▸ DATA TO PROCESS:

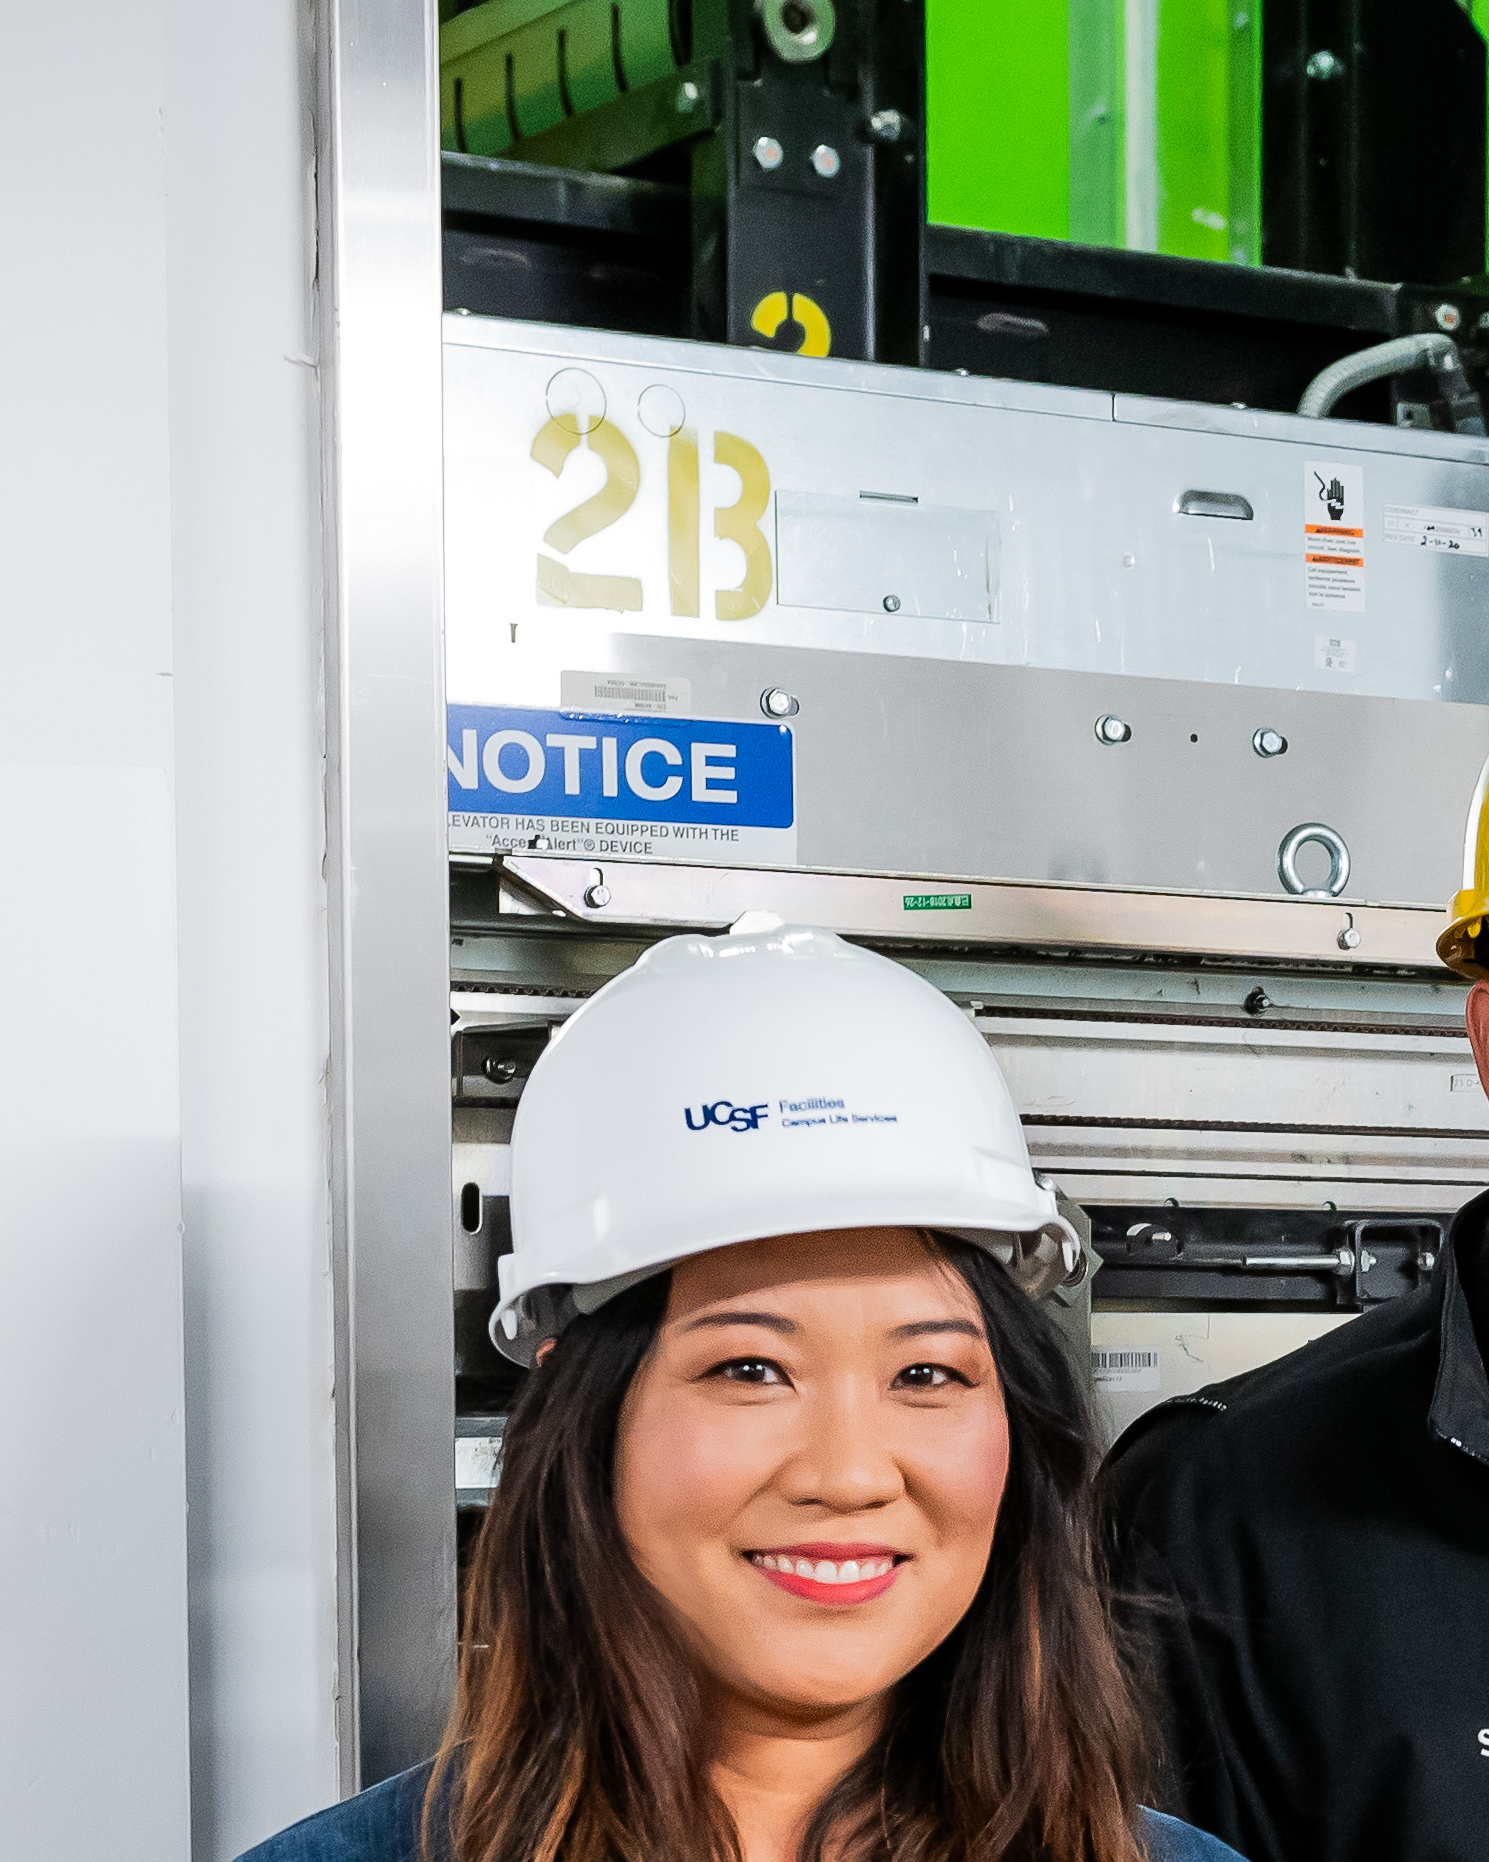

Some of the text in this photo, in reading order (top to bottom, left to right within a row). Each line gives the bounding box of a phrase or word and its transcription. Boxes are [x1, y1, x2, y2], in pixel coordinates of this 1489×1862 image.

[529, 412, 773, 621] 2B
[515, 817, 545, 832] HAS
[550, 819, 590, 834] BEEN
[595, 822, 669, 838] EQUIPPED
[669, 825, 708, 840] WITH
[712, 828, 739, 842] THE
[599, 840, 653, 854] DEVICE
[684, 1097, 845, 1132] UCSF Facilities
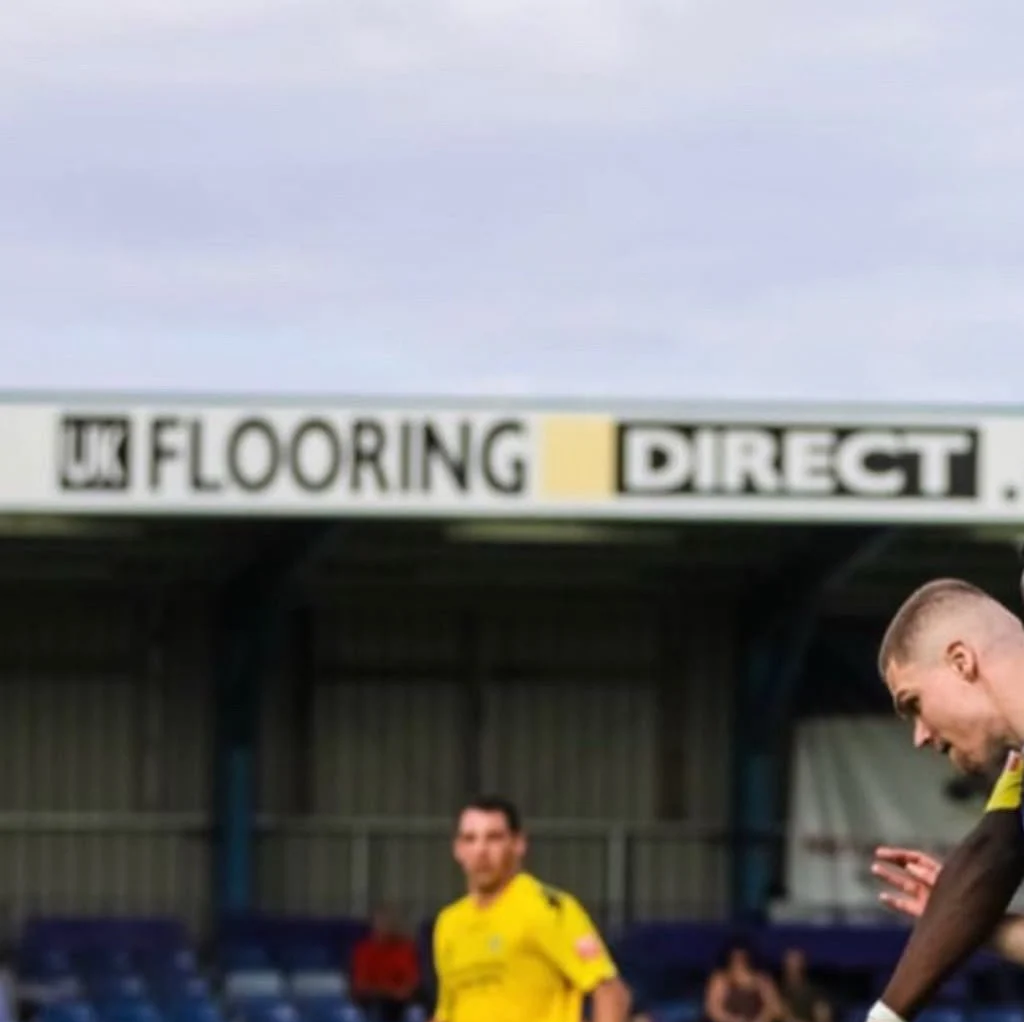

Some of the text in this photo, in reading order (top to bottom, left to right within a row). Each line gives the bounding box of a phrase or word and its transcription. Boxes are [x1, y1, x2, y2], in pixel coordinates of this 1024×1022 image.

[60, 415, 131, 491] UK
[149, 417, 527, 494] FLOORING
[621, 428, 972, 495] DIRECT
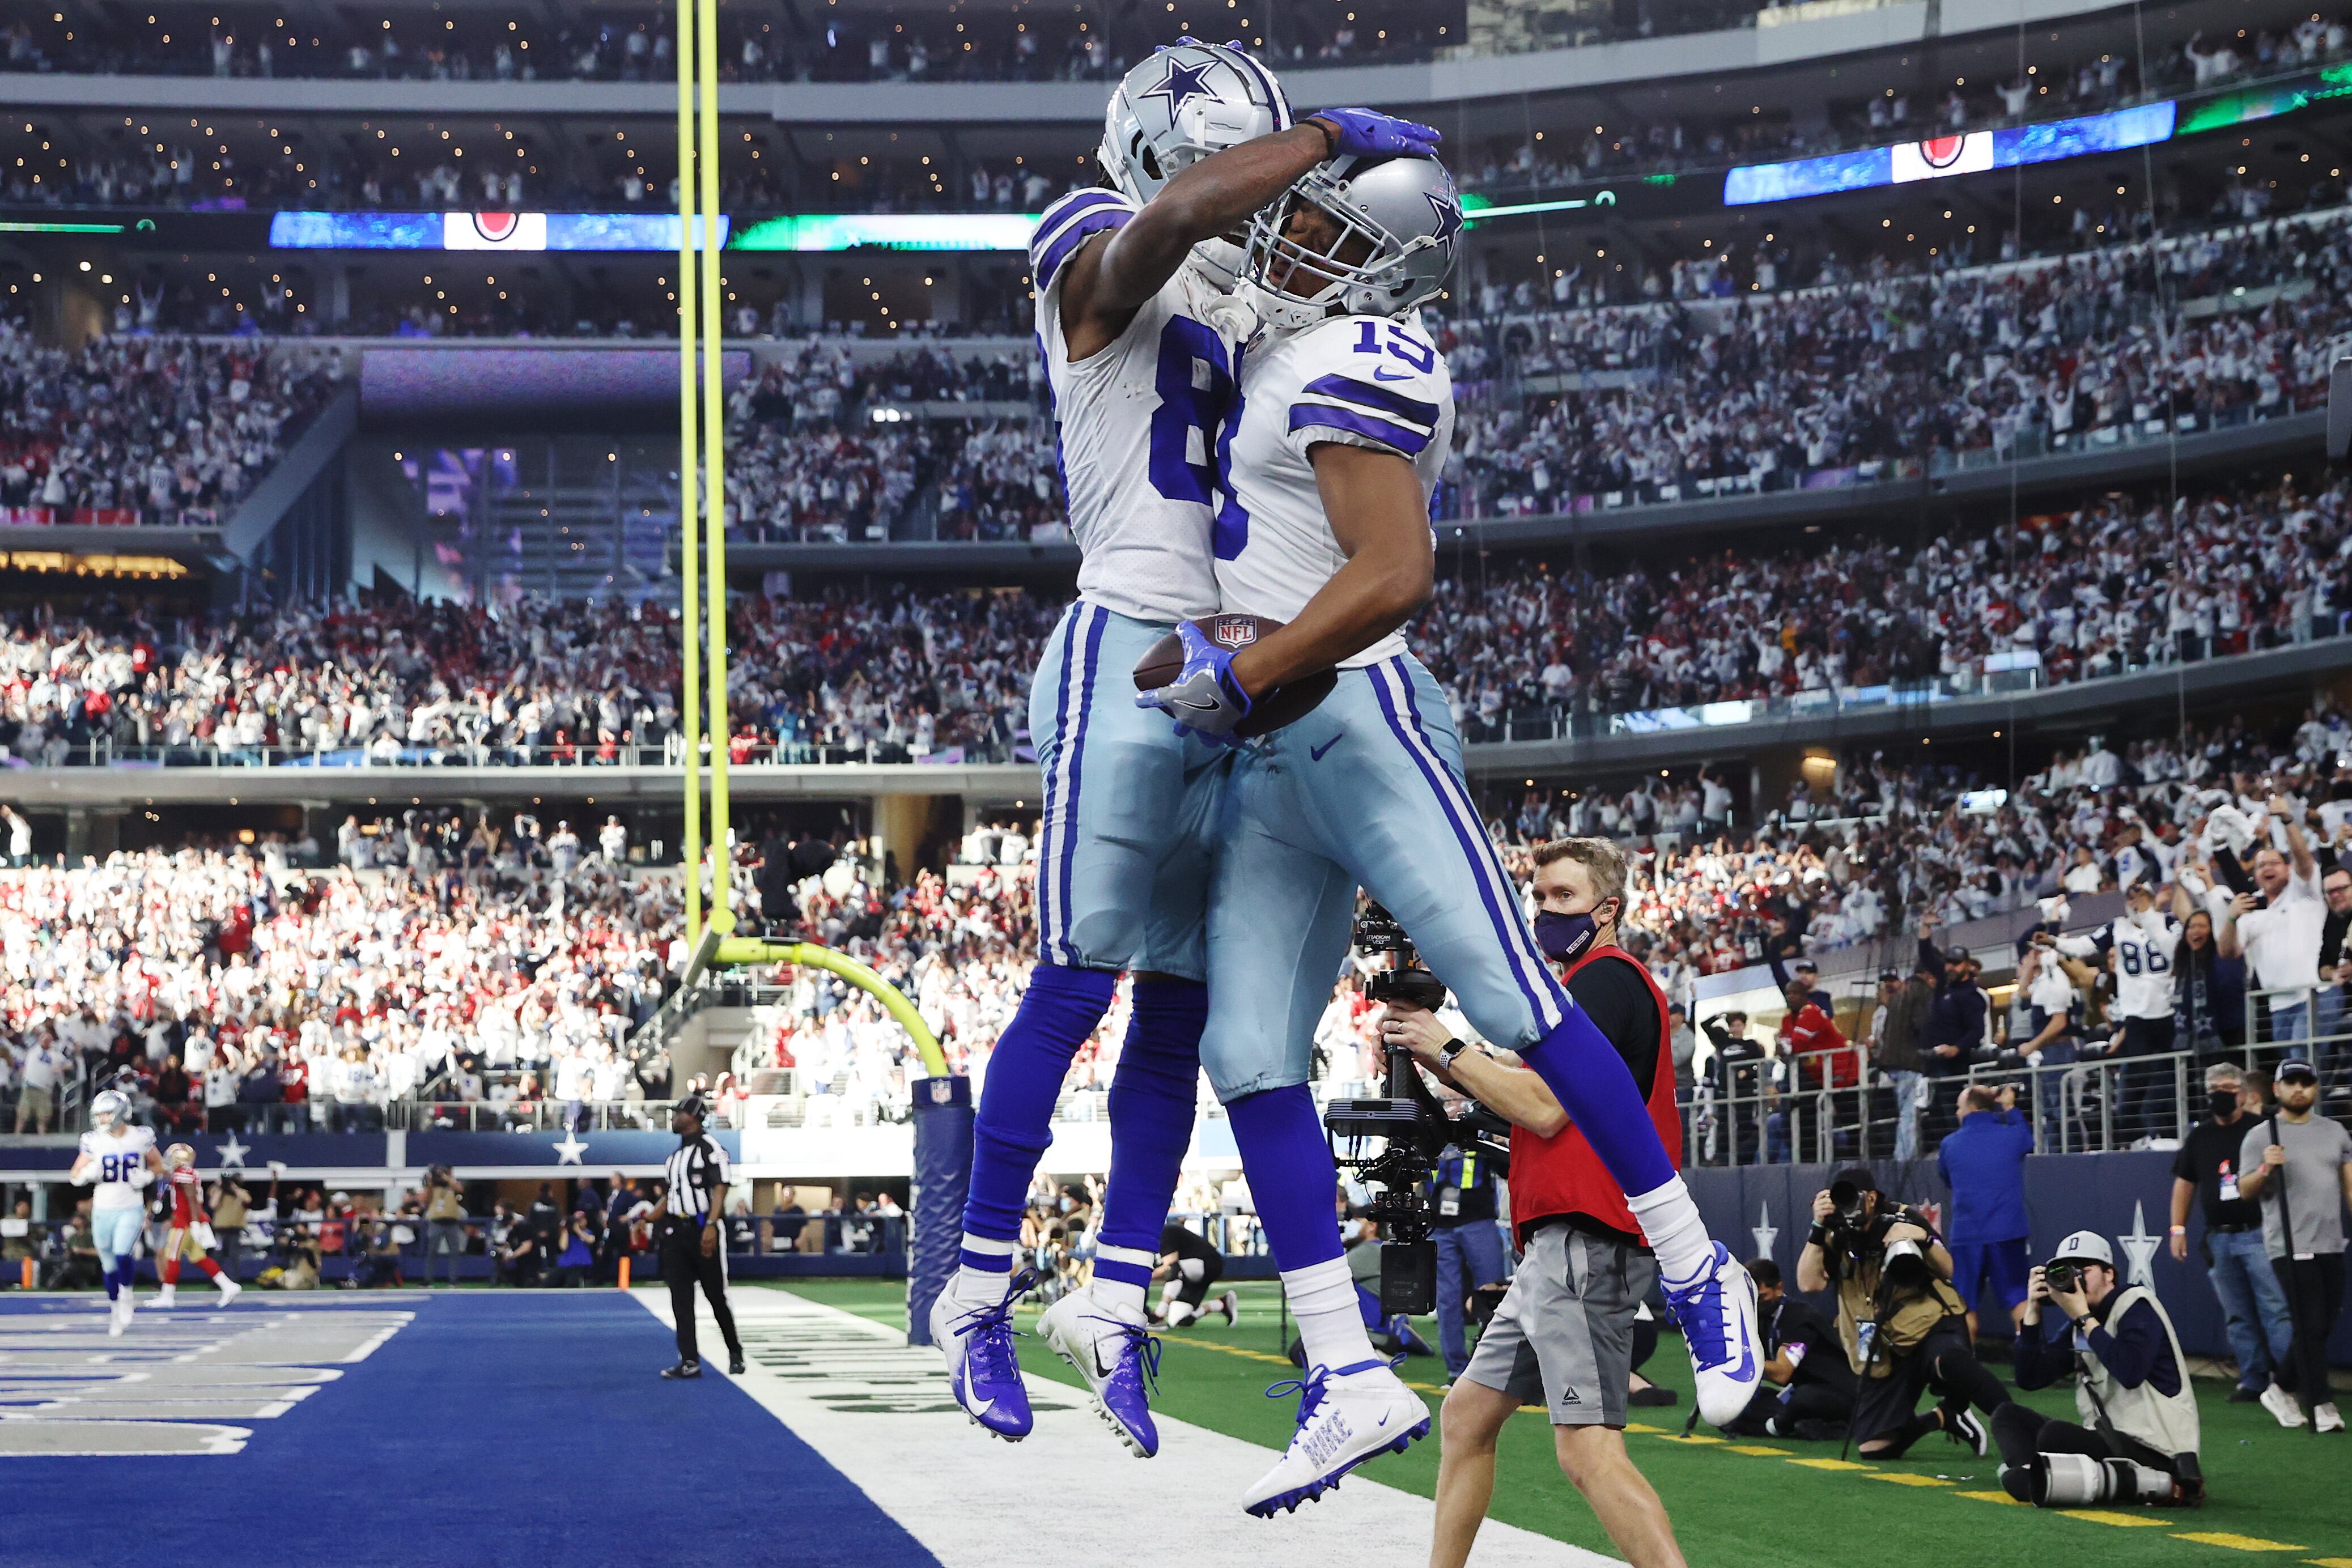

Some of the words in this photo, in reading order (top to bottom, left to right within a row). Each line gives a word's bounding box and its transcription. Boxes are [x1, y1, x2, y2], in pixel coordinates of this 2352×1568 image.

▸ WHAT IS NEEDED: No pictures belong in the copy. Repeat the listing above exactly.

▸ ANSWER TO THE EXERCISE:
Some of the text in this photo, in reading order (top to bottom, left to right within a row). Each line gives the bounding box of a phrase or word and its transcription. Boxes are [x1, y1, x2, y2], in pixel coordinates of this 1489×1862 image.

[529, 412, 773, 621] 2B
[515, 817, 545, 832] HAS
[550, 819, 590, 834] BEEN
[595, 822, 669, 838] EQUIPPED
[669, 825, 708, 840] WITH
[712, 828, 739, 842] THE
[599, 840, 653, 854] DEVICE
[684, 1097, 845, 1132] UCSF Facilities

Some of the text in this photo, in reading order (top to bottom, left to right within a row). Each line gives the bounding box of a phrase or word and its transcription. Boxes are [x1, y1, x2, y2], in pixel coordinates of this 1024×1022 image.

[60, 415, 131, 491] UK
[149, 417, 527, 494] FLOORING
[621, 428, 972, 495] DIRECT

Some of the words in this photo, in reading order (top to bottom, left to right within a row). Each line gives a word's bounding box and its transcription. Boxes are [x1, y1, x2, y2], in pixel coordinates of this 2352×1568 image.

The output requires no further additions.